NEW YORK – U.S. stocks fell on Tuesday after a weak consumer confidence report fueled concerns the housing slowdown could spread into the broader economy and hurt profits.
Lennar Corp. (LEN), a major U.S. home builder, scrapped its 2007 outlook as it posted a 73.4 percent slide in quarterly profit a day after government data on new-home sales pointed to further weakness in the housing market.
Shares of bellwether companies, including chemical maker DuPont Co. (DD) and diversified manufacturers Honeywell International Inc. and General Electric Co. (GE) led the declines, along with shares of home builders and banks.
"People are afraid that the housing market (slowdown) is going to spill over to the general economy," said Todd Clark, director of stock trading at Nollenberger Capital Partners in San Francisco.
"The numbers that came out today suggest that's the case, which obviously would mean more earnings are lighter and stocks wouldn't go higher," he added.
The Dow Jones industrial average dropped 71.78 points, or 0.58 percent, to finish at 12,397.29. The Standard & Poor's 500 Index slid 8.89 points, or 0.62 percent, to end at 1,428.61. The Nasdaq Composite Index lost 18.20 points, or 0.74 percent, to close at 2,437.43.
The Conference Board, a private research group, said its index of consumer sentiment declined in March amid rising gasoline prices and turmoil in financial markets.
Shares of Lennar slumped to their lowest level in over six months on Tuesday, but retraced lost ground in early afternoon trading to end off only 0.09 percent, or 4 cents, at $44.50 on the New York Stock Exchange.
Lennar's stock slid as low as $42.64 during the session in volatile trade — its lowest level since September 2006. Meanwhile, the Dow Jones Home Construction index fell 1.46 percent.
Standard & Poor's Equity Research homebuilders industry analyst Tom Smith said in a research note before the close he upgraded his rating on Lennar to "hold" from "sell," citing valuation.
The third-largest U.S. home builder said the widening problems in the subprime lending sector have weakened an already anemic market.
Its results came a day after the Commerce Department reported that new home sales fell unexpectedly in February, marking the second straight month in which sales came in lower than even the most bearish forecasts on Wall Street.

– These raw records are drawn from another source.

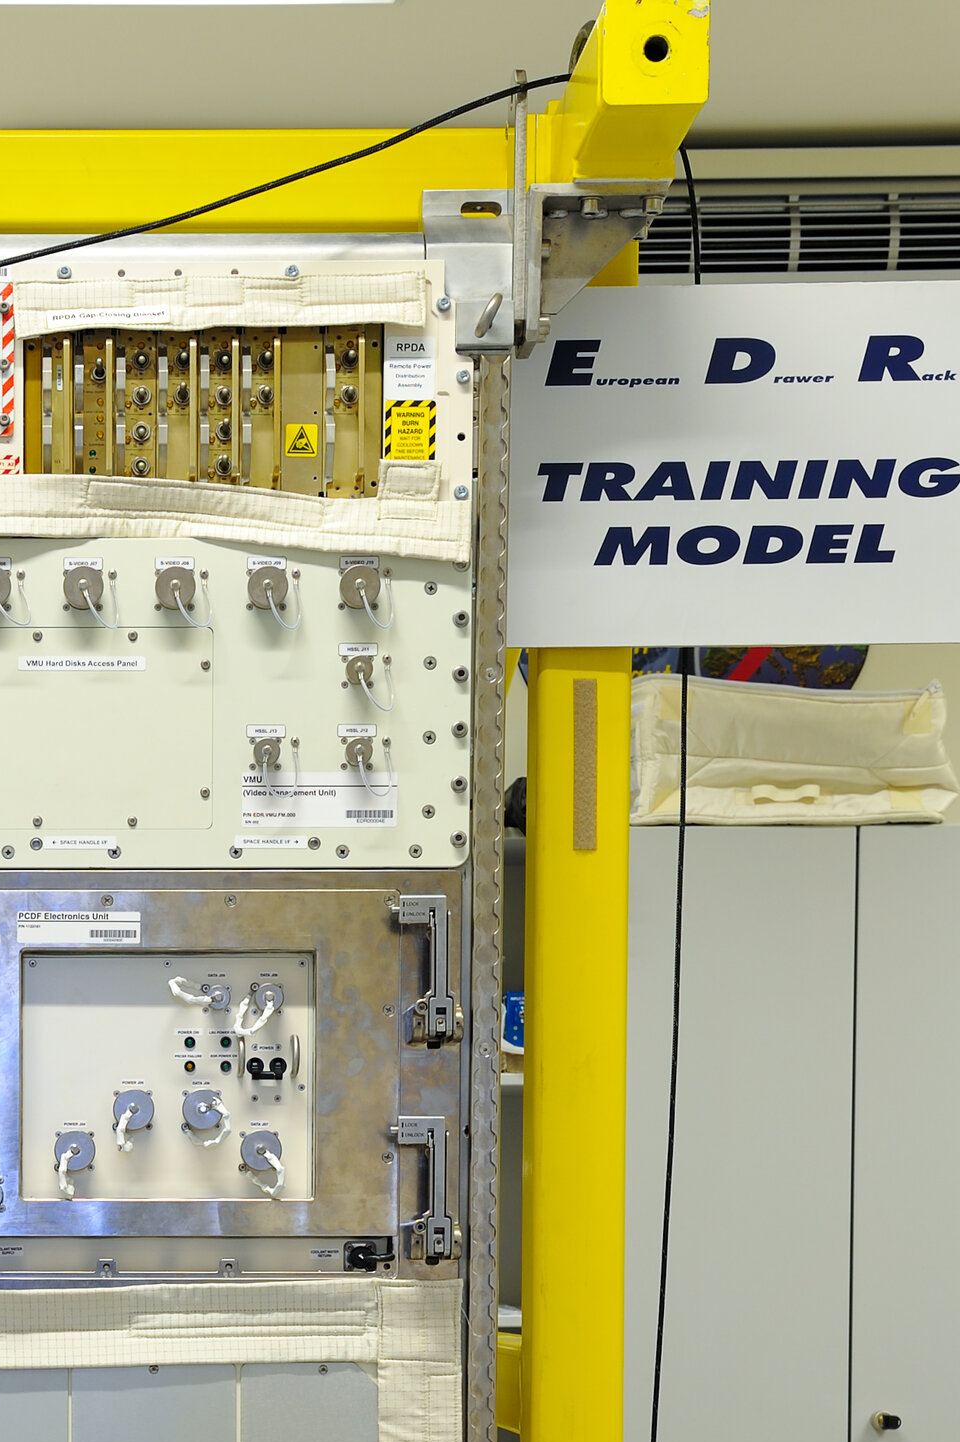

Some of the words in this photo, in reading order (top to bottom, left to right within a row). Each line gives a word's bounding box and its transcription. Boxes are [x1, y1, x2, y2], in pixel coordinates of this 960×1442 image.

[396, 343, 425, 352] RPDA
[537, 457, 960, 502] TRAINING
[593, 524, 896, 566] MODEL
[242, 789, 267, 797] (Video
[318, 789, 337, 797] Unit)
[18, 912, 42, 920] PCDF
[44, 912, 90, 920] Electronics
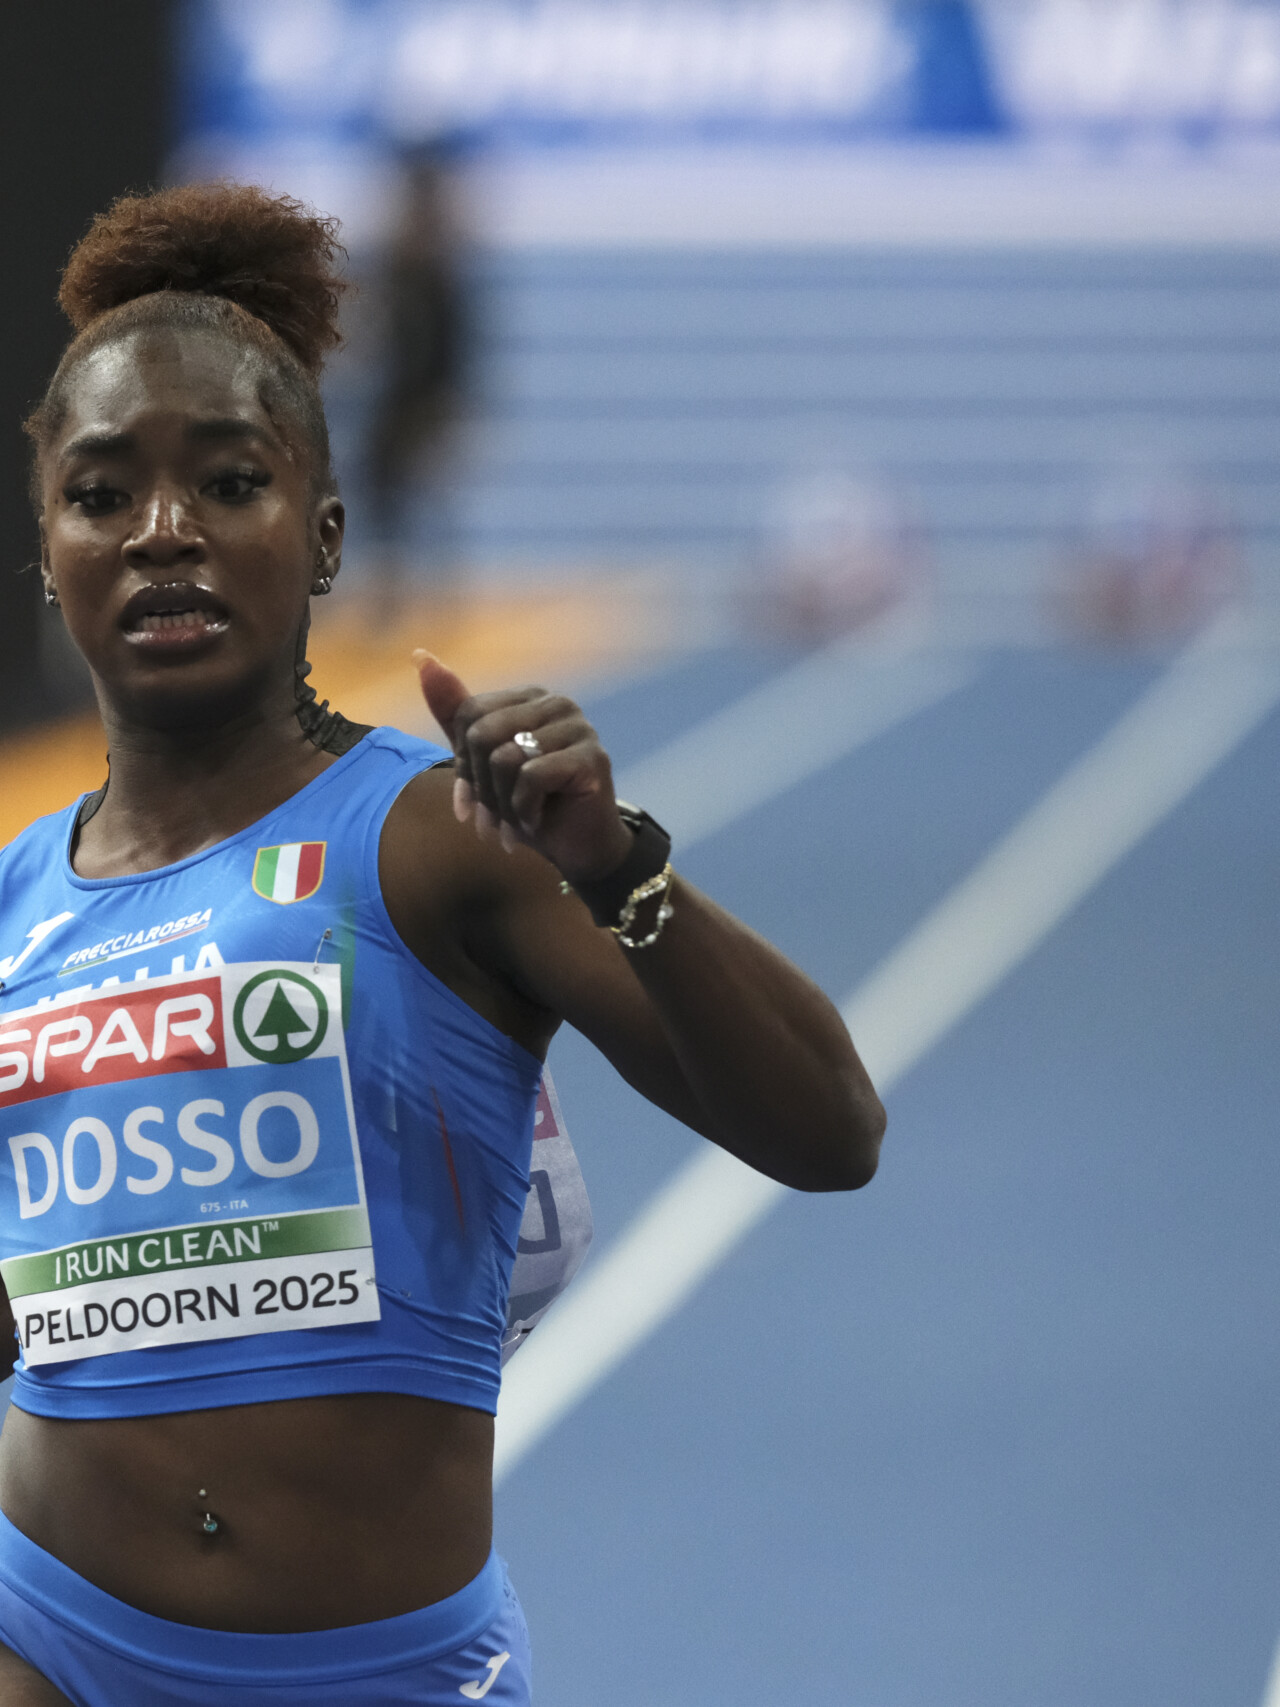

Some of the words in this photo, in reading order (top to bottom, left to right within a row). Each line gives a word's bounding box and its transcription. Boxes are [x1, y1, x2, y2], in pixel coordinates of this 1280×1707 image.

In other housing news, a senior U.S. Federal Reserve staff member warned that subprime mortgage market troubles could last as long as two years.
Shares of DuPont were the biggest decliner on the Dow, ending down 3.02 percent, or $1.55, at $49.81 on the NYSE. GE shares were also among the Dow and the S&P 500's worst performers, ending off 0.58 percent, or 21 cents, at $35.79, on the NYSE.
Shares of Honeywell dropped 1.29 percent, or 61 cents, at $46.73.
Among other home builders on the NYSE, KB Home shares dropped 1.48 percent, or 68 cents, to end at $45.31, while shares of Toll Brothers (TOL) finished down 1.56 percent, or 45 cents, at $28.40.
Shares of home improvement retailers also fell. Home Depot Inc.'s (HD) stock ended down 1.5 percent, or 57 cents, at $37.34, while Lowe's Cos. shares dropped 1.24 percent, or 40 cents, to $31.74.
Among banks, shares of Citigroup Inc. fell 0.93 percent, or 48 cents, to close at $51.06 on the NYSE.
Prices of existing U.S. single-family houses extended their slide in most regions in January, according to the Standard & Poor's/Case-Shiller Home Price Index of 10 metropolitan areas.
Among gainers, shares of AT&T Inc. (T) jumped 0.33 percent, or 13 cents, to $39.44 on the NYSE after the company said its Cingular Wireless unit had received about 1 million inquiries about Apple Inc.'s hotly anticipated iPhone.
Cingular will be the first to sell the phone when it debuts in June.